La questione non riguarda solo Milano. L’inchiesta di La via Libera si inserisce in un lavoro più ampio sui “luoghi idonei”, stanze segrete delle questure dove negli ultimi tre anni sono state trattenute circa 2.500 persone prima del rimpatrio. Spazi di detenzione amministrativa alternativi ai Cpr, gestiti direttamente dentro le questure e accessibili quasi esclusivamente ai garanti delle persone private della libertà.

È qui che si vede la trasformazione dello Stato di diritto in Stato di polizia amministrativa. La persona migrante non viene giudicata per ciò che ha fatto, ma per ciò che è: un corpo irregolare da rimuovere. Il trattenimento non è più l’eccezione, ma una tecnica ordinaria di governo. E la frontiera non è più soltanto a Lampedusa, Ventimiglia o Trieste: entra nelle questure, nei corridoi, nelle stanze chiuse, nei luoghi dove il diritto si abbassa fino quasi a sparire.

Questa è la vera funzione dei “luoghi idonei”: rendere più rapida, più silenziosa e meno contestabile la deportazione. Ridurre il tempo della difesa, isolare le persone, impedire che la loro storia diventi visibile. È la stessa logica dei Cpr, ma in forma ancora più opaca. Una detenzione senza clamore, senza nome, senza immagini.
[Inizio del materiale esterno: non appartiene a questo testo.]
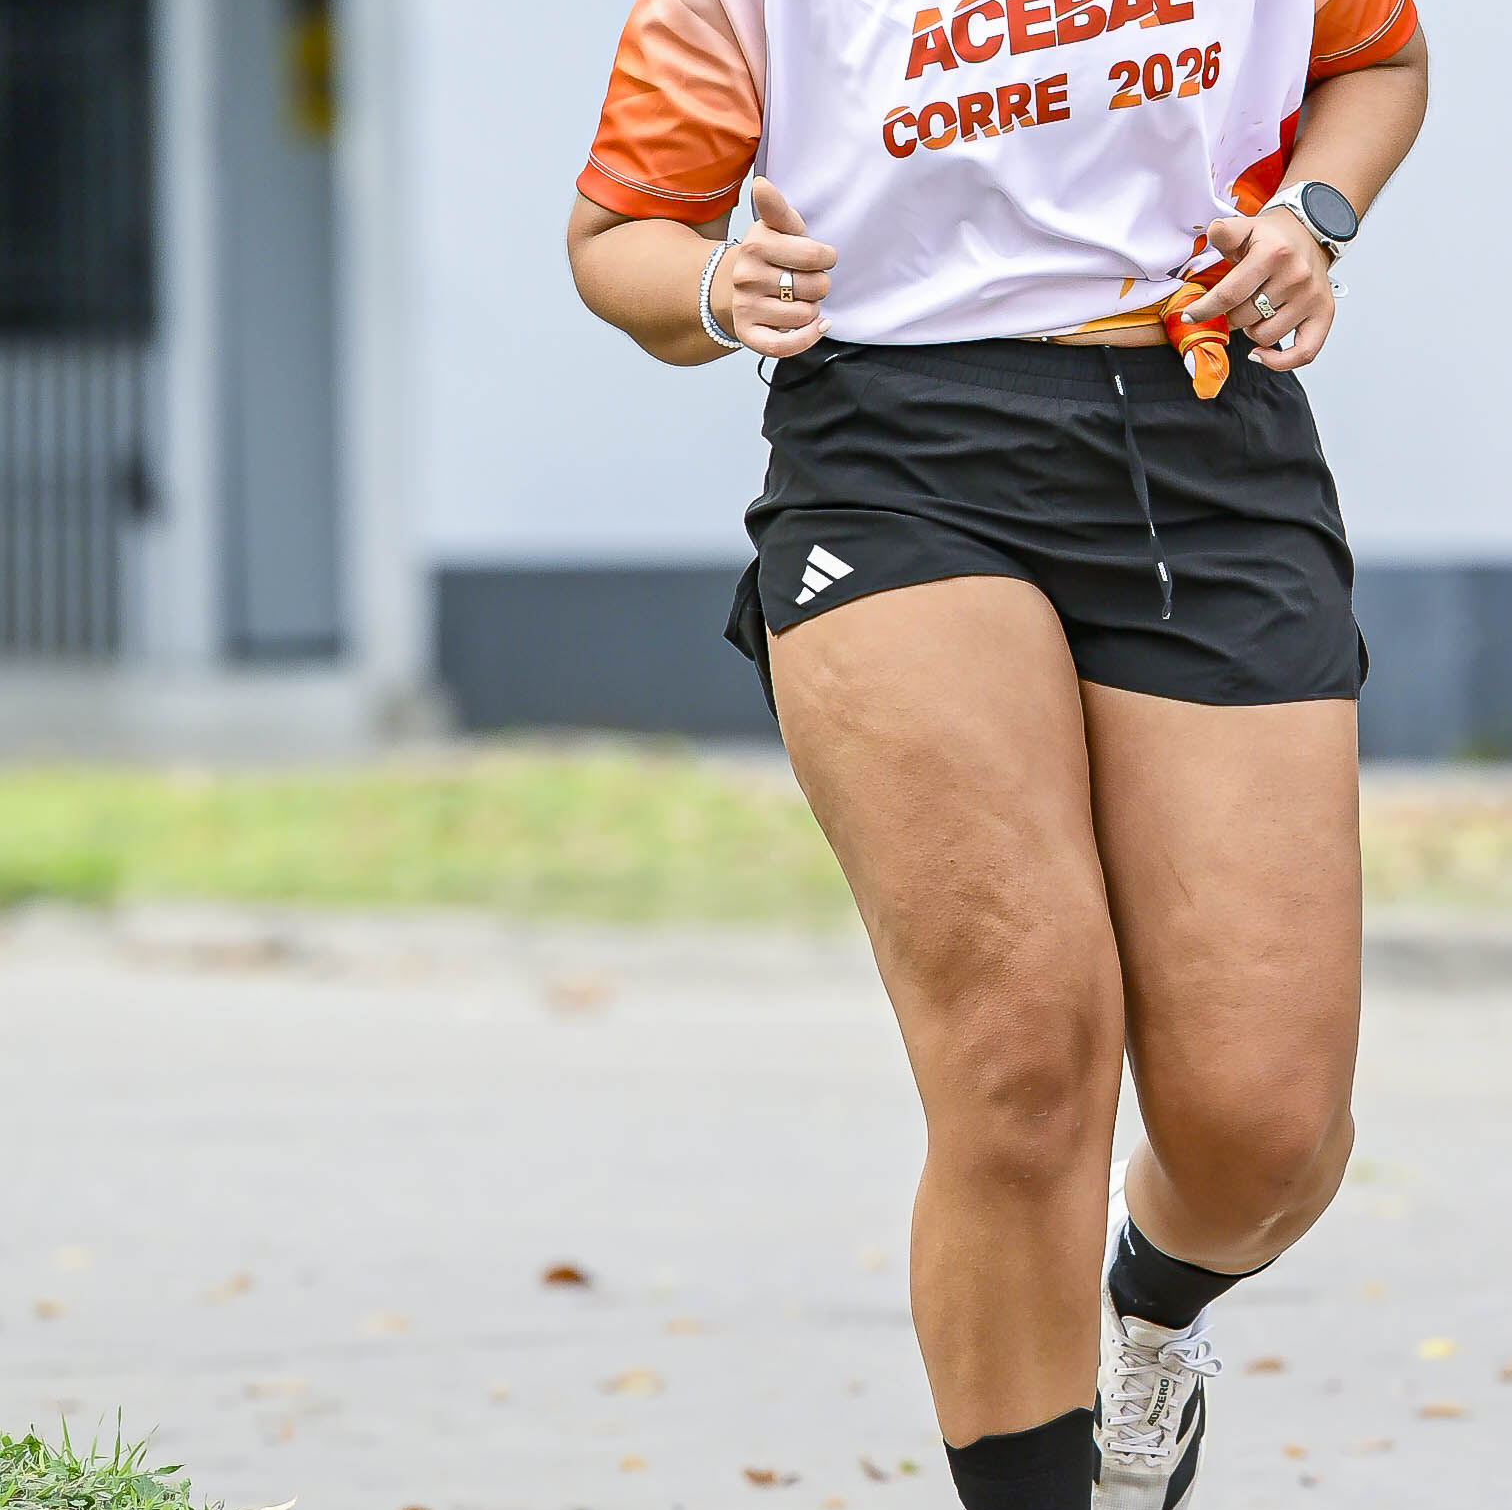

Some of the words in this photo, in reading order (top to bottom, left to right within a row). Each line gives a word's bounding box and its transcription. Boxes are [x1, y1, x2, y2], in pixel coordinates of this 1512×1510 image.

[882, 72, 1071, 159] CORRE
[1107, 40, 1222, 111] 2026
[1147, 1378, 1170, 1427] ADIZERO
L’inchiesta di Natalie Sclippa ha il merito di rompere questa opacità. Mostra che dietro la parola “rimpatrio” non c’è una procedura neutra, ma un sistema fatto di stanze fatiscenti, corpi trattenuti, garanzie fragili e diritti ridotti a ostacoli burocratici. E pone una domanda politica inevitabile: se questi luoghi sono così nascosti, se nessuno deve vederli, se persino la loro esistenza fatica a entrare nel dibattito pubblico, allora non siamo davanti a una semplice anomalia gestionale. Siamo davanti a un dispositivo di esclusione che funziona proprio perché resta invisibile.

Per questo non basta chiedere condizioni migliori. Bisogna contestare la logica stessa che consente di rinchiudere persone senza reato, in nome di un’irregolarità amministrativa prodotta dalle stesse leggi che impediscono ingressi regolari, permessi stabili e percorsi di vita dignitosi.

I “luoghi idonei” non sono idonei alla democrazia. Sono stanze della rimozione, anticamere della deportazione, piccoli Cpr nascosti nel cuore delle questure. E finché resteranno aperti, continueranno a raccontare una verità semplice e terribile: in Italia la libertà personale non vale allo stesso modo per tutti.